Task goal → Keep the wording of the records intact as you retype them, and omit every image.

--*--

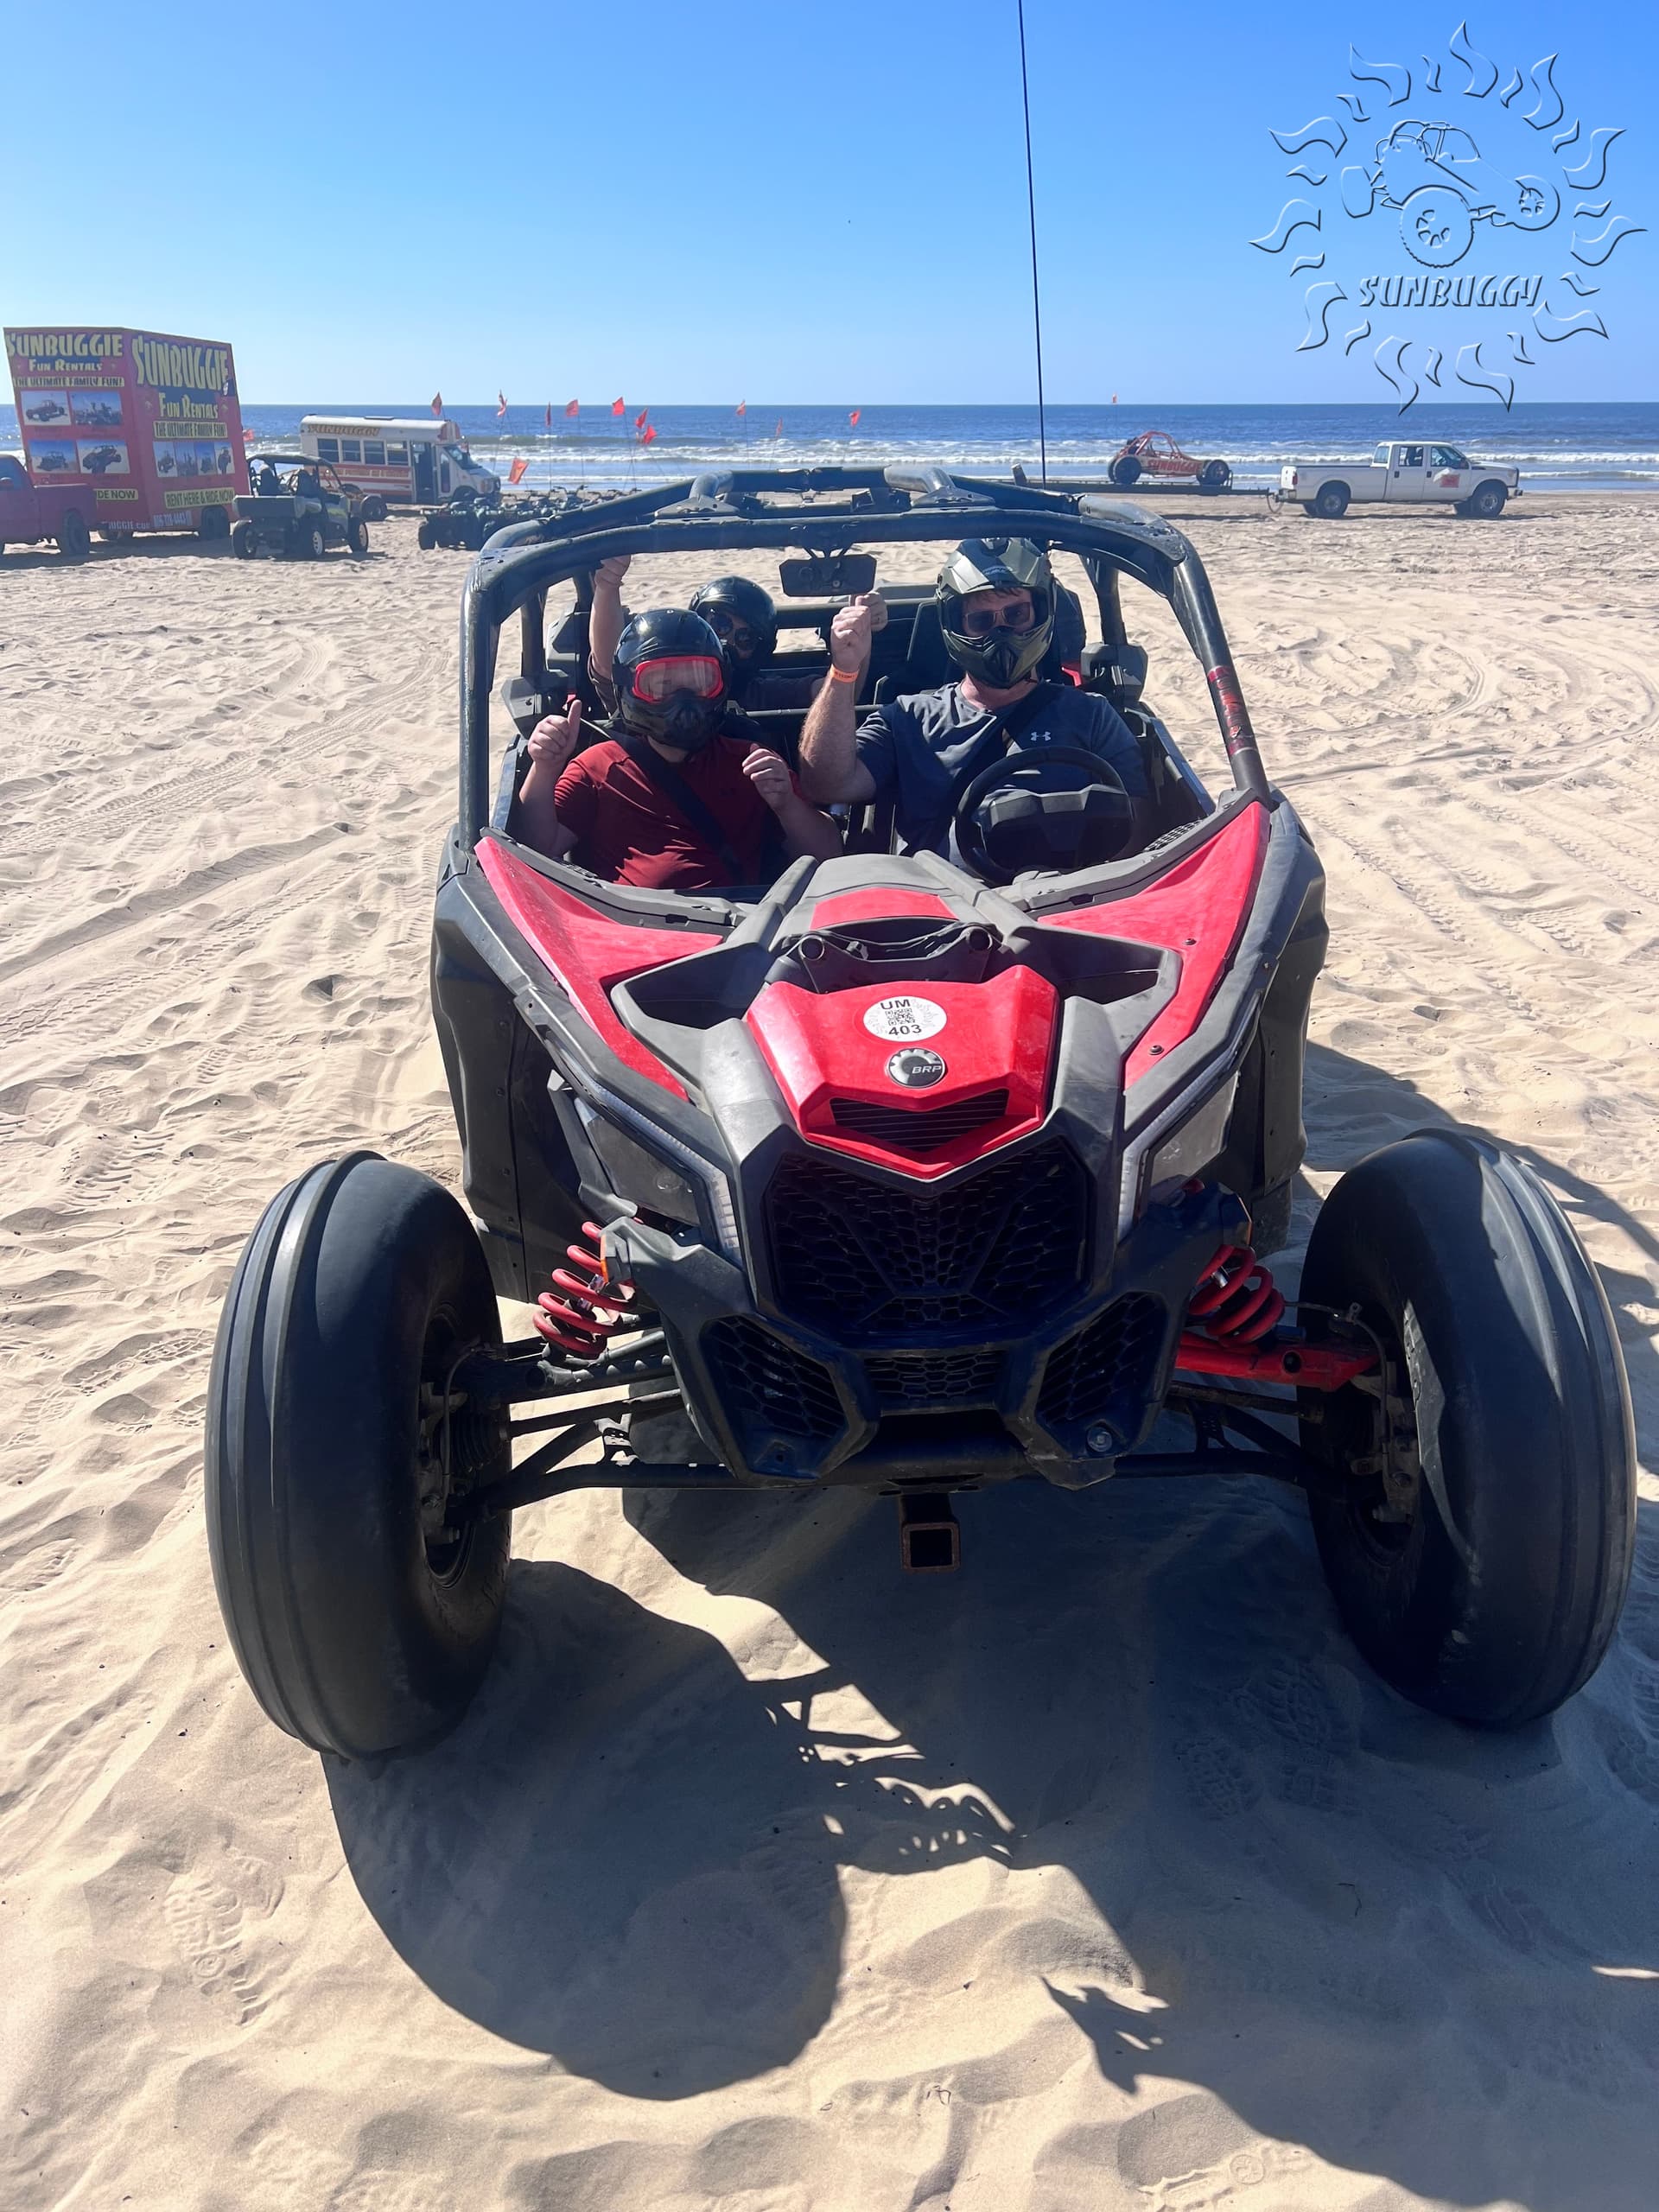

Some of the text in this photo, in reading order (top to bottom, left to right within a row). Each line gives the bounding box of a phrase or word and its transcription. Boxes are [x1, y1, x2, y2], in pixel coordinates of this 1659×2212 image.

[5, 332, 124, 356] SUNBUGGIE
[131, 335, 229, 391] SUNBUGGIE
[111, 490, 136, 499] NOW
[880, 999, 911, 1010] UM
[888, 1024, 922, 1036] 403
[912, 1065, 943, 1074] BRP

--*--

Response to the task →
Some of the text in this photo, in reading order (top to bottom, left to right within a row). Each line gives the bounding box of a phrase or word and its transcription. Boxes are [x1, y1, x2, y2], in pixel coordinates of this 1659×2212 image.

[5, 332, 124, 356] SUNBUGGIE
[131, 335, 229, 391] SUNBUGGIE
[111, 490, 136, 499] NOW
[880, 999, 911, 1010] UM
[888, 1024, 922, 1036] 403
[912, 1065, 943, 1074] BRP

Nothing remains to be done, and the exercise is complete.